The initiative started in January of this year, and Martin said they’re planning on letting a different person wander the museum one Monday each month through December, at which point they’ll decide whether or not to continue into 2019. The lucky person is chosen through a combination of social media and email. The museum puts out a public call for people interested in participating on Facebook, Twitter, and Instagram, and museum staff reads through email submissions to decide. (They’ve already chosen someone for March, but watch out for the call for submissions early next month for a chance to participate in April.) “It’s based on who has the most compelling story and who wants to have the most fun in the museum,” Martin said. Their first call got about 85 serious inquiries.
For its inaugural #MeTimeMonday in January, the museum chose a woman named Valerie, a mother of eight adopted kids. “She never gets a moment to herself,” Martin said. “And she’s a classically trained pianist!” Her musical abilities came in handy, as the Philbrook has a couple of pianos; they usually keep “do not touch” signs on them, but Valerie got special permission to play them, even recording herself performing Scott Joplin’s “Maple Leaf Rag.” (See her video below.)
As for the rest of the day, “I spent a considerable amount of time viewing art,” Valerie wrote in her recap to the museum — the only requirement in participating other than posting on social media throughout the day. “There was plenty of time to read each and every description and linger as long as I wanted in front of each piece. No one was around to bother me or get in the way of great selfies (nerd alert: I bought a selfie stick just for this). For lunch, a ‘table for one’ was easy to find on the patio … A friendly staff member introduced me to all three garden cats, and I enjoyed a leisurely stroll around the grounds, kitty in tow … I wasn’t about to waste a single minute.”
Earlier this month, #MeTimeMonday’s second participant, Lauren, dressed up in a sparkly silver dress especially for the occasion. “Wandering the museum without people to dodge, crowds to negotiate, I discovered many things I hadn’t noticed before,” she wrote in her recap. “I walked in and immediately, all of my attention went to what I consider to be the star of the show — ‘Phenomena Break Silk’ by Paul Jenkins. I spent the next hour or so reading all about Paul Jenkins, his influences, his mild eccentricities, and anything else I could find.

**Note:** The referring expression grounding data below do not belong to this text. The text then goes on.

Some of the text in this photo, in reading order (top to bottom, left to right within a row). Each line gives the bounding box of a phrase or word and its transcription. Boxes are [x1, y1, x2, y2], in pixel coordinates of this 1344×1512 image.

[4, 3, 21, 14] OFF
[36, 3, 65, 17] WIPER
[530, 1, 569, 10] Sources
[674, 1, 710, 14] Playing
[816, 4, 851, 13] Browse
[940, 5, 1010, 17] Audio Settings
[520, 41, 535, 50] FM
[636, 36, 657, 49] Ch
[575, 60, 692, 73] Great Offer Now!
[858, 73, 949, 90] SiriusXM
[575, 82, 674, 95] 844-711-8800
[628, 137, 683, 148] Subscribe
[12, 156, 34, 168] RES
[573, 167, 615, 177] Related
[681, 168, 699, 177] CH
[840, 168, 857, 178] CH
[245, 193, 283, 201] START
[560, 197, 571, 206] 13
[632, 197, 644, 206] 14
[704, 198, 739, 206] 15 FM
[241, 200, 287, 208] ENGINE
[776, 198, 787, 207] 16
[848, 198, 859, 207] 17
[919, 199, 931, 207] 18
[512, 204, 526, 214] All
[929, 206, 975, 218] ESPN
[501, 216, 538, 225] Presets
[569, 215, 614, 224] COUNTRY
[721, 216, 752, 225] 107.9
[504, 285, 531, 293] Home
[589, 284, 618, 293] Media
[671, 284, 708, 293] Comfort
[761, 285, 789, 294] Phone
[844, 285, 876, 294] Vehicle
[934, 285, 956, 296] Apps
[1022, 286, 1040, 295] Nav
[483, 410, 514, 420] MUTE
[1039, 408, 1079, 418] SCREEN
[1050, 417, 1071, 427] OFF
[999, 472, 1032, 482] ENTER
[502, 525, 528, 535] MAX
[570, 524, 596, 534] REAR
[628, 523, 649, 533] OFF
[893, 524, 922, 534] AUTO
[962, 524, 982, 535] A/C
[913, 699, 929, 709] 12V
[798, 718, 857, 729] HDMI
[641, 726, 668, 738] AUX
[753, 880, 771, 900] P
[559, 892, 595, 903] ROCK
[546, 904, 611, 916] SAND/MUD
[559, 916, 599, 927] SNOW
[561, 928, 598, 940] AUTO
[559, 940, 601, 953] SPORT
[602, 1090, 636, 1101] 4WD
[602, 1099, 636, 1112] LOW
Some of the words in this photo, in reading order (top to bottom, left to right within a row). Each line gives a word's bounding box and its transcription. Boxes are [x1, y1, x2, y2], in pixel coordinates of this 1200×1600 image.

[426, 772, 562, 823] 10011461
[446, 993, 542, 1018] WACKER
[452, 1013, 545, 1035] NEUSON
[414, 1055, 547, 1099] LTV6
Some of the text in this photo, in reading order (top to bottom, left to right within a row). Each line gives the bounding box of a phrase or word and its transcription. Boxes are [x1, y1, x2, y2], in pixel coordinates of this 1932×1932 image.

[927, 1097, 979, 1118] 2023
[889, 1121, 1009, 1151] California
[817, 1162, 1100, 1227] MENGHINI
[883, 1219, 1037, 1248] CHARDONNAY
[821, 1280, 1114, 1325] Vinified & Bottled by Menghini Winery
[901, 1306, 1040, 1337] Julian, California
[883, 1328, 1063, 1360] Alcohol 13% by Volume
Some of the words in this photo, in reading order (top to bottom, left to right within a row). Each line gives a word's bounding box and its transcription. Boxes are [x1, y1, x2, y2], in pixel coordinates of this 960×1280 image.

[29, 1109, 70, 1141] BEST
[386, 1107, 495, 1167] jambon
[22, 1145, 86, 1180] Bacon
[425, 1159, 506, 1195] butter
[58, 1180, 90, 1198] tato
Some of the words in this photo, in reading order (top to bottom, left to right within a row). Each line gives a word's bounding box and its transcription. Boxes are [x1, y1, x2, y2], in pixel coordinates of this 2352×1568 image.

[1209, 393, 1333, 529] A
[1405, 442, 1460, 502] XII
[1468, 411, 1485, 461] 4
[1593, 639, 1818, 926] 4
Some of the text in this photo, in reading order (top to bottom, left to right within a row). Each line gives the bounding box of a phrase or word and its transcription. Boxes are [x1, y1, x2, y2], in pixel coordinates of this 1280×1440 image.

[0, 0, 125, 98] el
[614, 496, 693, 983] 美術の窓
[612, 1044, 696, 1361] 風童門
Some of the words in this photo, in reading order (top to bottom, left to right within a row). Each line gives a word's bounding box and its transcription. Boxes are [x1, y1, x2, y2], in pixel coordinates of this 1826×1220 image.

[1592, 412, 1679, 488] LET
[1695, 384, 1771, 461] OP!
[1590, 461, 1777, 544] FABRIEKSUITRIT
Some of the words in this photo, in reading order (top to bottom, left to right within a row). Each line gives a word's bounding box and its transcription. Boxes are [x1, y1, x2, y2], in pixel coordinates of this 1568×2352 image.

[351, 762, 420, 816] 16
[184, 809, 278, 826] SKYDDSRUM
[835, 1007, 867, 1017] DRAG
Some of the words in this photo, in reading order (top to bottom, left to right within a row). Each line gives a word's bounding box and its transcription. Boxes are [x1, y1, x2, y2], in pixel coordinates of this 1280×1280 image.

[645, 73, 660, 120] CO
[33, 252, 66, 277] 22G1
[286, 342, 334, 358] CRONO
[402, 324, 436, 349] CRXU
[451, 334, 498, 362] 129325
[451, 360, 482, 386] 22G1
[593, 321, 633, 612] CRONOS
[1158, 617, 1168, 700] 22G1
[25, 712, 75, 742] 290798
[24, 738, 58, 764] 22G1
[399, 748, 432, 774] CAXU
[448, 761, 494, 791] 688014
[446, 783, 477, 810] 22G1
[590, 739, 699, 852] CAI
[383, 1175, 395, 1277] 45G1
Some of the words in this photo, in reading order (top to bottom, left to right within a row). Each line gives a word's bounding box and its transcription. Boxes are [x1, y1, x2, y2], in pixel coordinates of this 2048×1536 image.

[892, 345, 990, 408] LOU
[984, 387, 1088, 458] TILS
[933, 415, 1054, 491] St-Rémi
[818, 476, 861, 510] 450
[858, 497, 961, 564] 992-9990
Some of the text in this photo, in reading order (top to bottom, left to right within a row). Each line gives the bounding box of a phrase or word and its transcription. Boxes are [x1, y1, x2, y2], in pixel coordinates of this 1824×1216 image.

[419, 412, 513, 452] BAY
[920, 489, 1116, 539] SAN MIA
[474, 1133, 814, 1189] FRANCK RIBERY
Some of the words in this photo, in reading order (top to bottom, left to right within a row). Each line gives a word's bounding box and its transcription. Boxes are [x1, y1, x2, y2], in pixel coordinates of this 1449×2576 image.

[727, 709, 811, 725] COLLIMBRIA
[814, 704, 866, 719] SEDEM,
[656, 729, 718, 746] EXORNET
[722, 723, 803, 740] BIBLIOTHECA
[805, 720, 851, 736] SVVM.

I continued following link after link as I made my way downstairs and into the Museum Confidential exhibit, where a local bluegrass band was going to play a few songs for the Philbrook social media feeds.”
Martin said that as part of the Philbrook’s current exhibition, Museum Confidential, “an artist built a motel lobby, and we have local musicians playing inside it on Mondays, like NPR’s Tiny Desk Concerts.” Both Valerie and Lauren got to listen to a live performance along with museum staff.
#MeTimeMonday participants aren’t necessarily by themselves the whole time, unless they want to be. “The last person got a behind-the-scenes tour,” Martin said. “So the staff is getting involved, too. It gives the staff such an interesting insight to see the museum in a fresh way.”
Martin mentioned that the guards aren’t around, but the security cameras are on, just in case. When participants arrive, he meets them and gives them a kind of orientation. There aren’t many rules, except no food or drink in certain areas, and, of course, “no cartwheels in front of the Monet,” Martin said. People can stay for an hour or a whole day; so far they’ve been making a day of it.
What would Martin like to see future #MeTimeMonday visitors do? “If they want to, they can roller skate or skateboard in the galleries, or take a nap in the middle of the floor, or fly a kite or do a slip-n-slide in the garden,” he said. “We have 25 acres of gardens, where people can have picnics or read or set up a hammock. We want people to make this place their place.”
Martin encourages other museums to take up this idea, especially small and mid-size institutions. “The Frick could do this really well,” he said. “Or the Cooper Hewitt, or the Jewish Museum, or even the Guggenheim. [The program] has such a big impact, but the output on our part is fairly minimal. All we need to do is turn on the lights and unlock the door.”